I have one model which looks like this:
class Measurement(models.Model):
date = models.DateField('date')
time = models.TimeField('time')
Q = models.DecimalField(max_digits=10, decimal_places=6)
P = models.DecimalField(max_digits=10, decimal_places=6)
f = models.DecimalField(max_digits=10, decimal_places=6)
In my views, I would like to represent it. So I made this function:
def plotMeas(request):
# Count the events
c = Measurement.objects.all()
c = c.count()
# Variables
i = 0
a = [0]
P = a*c
Q = a*c
t = a*c
# Save dP_L1 & dQ_L1 in lists
for i in range(c):
meas = Measurement.objects.get(pk = i+1)
P [i] = meas.P
Q [i] = meas.Q
t [c-1-i] = i*10
if c > 100:
P = P[-100:]
Q = Q[-100:]
t [i] = t[-100:]
# Construct the graph
fig = Figure()
q = fig.add_subplot(211)
q.set_xlabel("time (minutes ago)")
q.set_ylabel("Q (VAR)")
p = fig.add_subplot(212)
p.set_xlabel("time (minutes ago)")
p.set_ylabel("P (W)")
p.plot(t,P, 'go-')
q.plot(t,Q, 'o-')
canvas = FigureCanvas(fig)
response = HttpResponse(content_type='image/png')
canvas.print_png(response)
return response
However, I would like that the horizontal axis would show the date and the time (saved in the model). Does anyone know how to do it?
Have a look at the documentation for plot_date. Conveniently plot_date takes similar arguments to plot. A call might look like:
p.plot_date(sequence_of_datetime_objects, y_axis_values, 'go-')
Using matplotlib.dates you can then customize the format of your x-axis labels.
A simple example:
The following will specify that the x-axis displays only every third month in the format Jan '09 (assuming English-speaking locale).
p.xaxis.set_major_locator(mdates.MonthLocator(interval=3))
p.xaxis.set_major_formatter(mdates.DateFormatter("%b '%y"))

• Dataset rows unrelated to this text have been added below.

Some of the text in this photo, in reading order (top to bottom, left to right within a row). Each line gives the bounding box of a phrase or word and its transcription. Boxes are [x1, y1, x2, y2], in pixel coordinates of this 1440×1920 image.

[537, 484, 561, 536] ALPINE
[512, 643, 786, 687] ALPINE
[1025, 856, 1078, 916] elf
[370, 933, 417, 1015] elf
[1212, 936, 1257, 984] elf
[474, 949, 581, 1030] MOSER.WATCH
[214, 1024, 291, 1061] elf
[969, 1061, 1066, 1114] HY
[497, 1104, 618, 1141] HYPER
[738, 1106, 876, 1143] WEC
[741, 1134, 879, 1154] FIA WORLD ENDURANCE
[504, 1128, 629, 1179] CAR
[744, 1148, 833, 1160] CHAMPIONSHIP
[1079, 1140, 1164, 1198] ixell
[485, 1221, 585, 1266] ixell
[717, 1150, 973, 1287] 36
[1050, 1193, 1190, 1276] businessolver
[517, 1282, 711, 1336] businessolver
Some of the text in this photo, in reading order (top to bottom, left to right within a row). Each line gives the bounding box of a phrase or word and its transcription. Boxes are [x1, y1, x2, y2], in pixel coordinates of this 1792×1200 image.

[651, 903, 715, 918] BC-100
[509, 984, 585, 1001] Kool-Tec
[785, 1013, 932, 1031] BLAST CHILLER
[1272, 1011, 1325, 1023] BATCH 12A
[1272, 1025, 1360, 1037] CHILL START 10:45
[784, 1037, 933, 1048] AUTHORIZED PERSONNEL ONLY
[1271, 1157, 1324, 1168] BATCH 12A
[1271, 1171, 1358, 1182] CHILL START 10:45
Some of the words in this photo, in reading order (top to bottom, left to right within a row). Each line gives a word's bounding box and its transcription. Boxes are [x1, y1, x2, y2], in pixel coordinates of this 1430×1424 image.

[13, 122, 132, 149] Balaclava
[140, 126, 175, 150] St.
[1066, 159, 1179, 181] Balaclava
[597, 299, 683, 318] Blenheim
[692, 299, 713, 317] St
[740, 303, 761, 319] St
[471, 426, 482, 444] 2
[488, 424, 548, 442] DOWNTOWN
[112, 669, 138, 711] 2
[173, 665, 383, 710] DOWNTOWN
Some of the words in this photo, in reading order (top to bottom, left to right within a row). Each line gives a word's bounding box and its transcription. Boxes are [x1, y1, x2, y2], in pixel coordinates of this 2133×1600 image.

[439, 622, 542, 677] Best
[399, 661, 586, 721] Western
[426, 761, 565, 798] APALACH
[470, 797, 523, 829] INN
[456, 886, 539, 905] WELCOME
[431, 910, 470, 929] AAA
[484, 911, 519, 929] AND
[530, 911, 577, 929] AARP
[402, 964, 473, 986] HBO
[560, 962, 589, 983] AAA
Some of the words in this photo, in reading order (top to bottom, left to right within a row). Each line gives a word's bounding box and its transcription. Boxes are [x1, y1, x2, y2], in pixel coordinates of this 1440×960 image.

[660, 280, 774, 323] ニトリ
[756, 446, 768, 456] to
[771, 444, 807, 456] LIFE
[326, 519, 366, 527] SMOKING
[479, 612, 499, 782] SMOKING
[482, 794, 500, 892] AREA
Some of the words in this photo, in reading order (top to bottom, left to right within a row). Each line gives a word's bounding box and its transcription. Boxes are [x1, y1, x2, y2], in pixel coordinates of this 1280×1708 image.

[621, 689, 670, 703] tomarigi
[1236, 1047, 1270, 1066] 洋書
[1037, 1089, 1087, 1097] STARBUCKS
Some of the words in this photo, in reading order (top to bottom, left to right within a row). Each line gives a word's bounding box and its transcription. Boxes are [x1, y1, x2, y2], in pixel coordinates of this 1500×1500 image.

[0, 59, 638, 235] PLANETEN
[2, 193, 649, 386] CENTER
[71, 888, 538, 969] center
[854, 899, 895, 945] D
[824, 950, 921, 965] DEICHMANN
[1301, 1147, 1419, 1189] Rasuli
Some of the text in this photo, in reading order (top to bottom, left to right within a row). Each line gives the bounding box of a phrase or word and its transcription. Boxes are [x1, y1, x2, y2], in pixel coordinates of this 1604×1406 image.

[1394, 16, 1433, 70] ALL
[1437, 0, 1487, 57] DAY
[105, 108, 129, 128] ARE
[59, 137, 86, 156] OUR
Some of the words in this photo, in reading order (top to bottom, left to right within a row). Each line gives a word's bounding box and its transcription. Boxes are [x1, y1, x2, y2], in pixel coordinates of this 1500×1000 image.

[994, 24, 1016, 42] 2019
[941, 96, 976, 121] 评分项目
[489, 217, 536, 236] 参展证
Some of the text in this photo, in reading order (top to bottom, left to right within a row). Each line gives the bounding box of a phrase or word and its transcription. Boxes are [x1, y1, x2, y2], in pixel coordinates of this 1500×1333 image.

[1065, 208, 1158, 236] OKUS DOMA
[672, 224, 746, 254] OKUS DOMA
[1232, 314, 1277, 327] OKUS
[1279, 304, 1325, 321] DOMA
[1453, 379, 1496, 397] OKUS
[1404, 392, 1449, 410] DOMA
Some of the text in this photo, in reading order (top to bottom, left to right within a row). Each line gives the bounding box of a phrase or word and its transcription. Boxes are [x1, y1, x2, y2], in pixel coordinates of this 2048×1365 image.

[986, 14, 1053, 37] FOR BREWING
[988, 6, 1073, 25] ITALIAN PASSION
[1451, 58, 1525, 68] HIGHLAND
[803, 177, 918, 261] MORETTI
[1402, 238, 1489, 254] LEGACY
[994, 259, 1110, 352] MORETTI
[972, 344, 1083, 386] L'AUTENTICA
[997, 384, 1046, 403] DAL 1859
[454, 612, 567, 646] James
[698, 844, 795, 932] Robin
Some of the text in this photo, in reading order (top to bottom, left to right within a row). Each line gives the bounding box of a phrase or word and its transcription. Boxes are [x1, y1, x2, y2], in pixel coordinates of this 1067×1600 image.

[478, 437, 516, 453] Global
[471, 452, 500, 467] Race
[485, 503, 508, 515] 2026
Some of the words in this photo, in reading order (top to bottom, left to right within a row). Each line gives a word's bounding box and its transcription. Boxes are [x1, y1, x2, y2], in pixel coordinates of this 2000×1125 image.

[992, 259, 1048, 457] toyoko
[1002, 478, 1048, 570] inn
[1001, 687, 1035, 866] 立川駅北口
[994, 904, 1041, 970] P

Since you have dates and times stored separately you may either want to
change your model to use a DateTimeField, or
use Python to combine them.
For example:
import datetime as dt
t1 = dt.time(21,0,1,2) # 21:00:01.2
d1 = dt.date.today()
dt1 = dt.datetime.combine(d1,t1)
# result: datetime.datetime(2011, 4, 15, 21, 0, 1, 2)
To iterate over two sequences and combine them you might use zip (code for illustrative purposes only, not necessarily optimized):
sequence_of_datetime_objects = []
for a_date, a_time in zip(sequence_of_date_objects, sequence_of_time_objects):
sequence_of_datetime_objects.append(dt.datetime.combine(a_date, a_time))
Feel free to open another question if you get stuck implementing the specifics.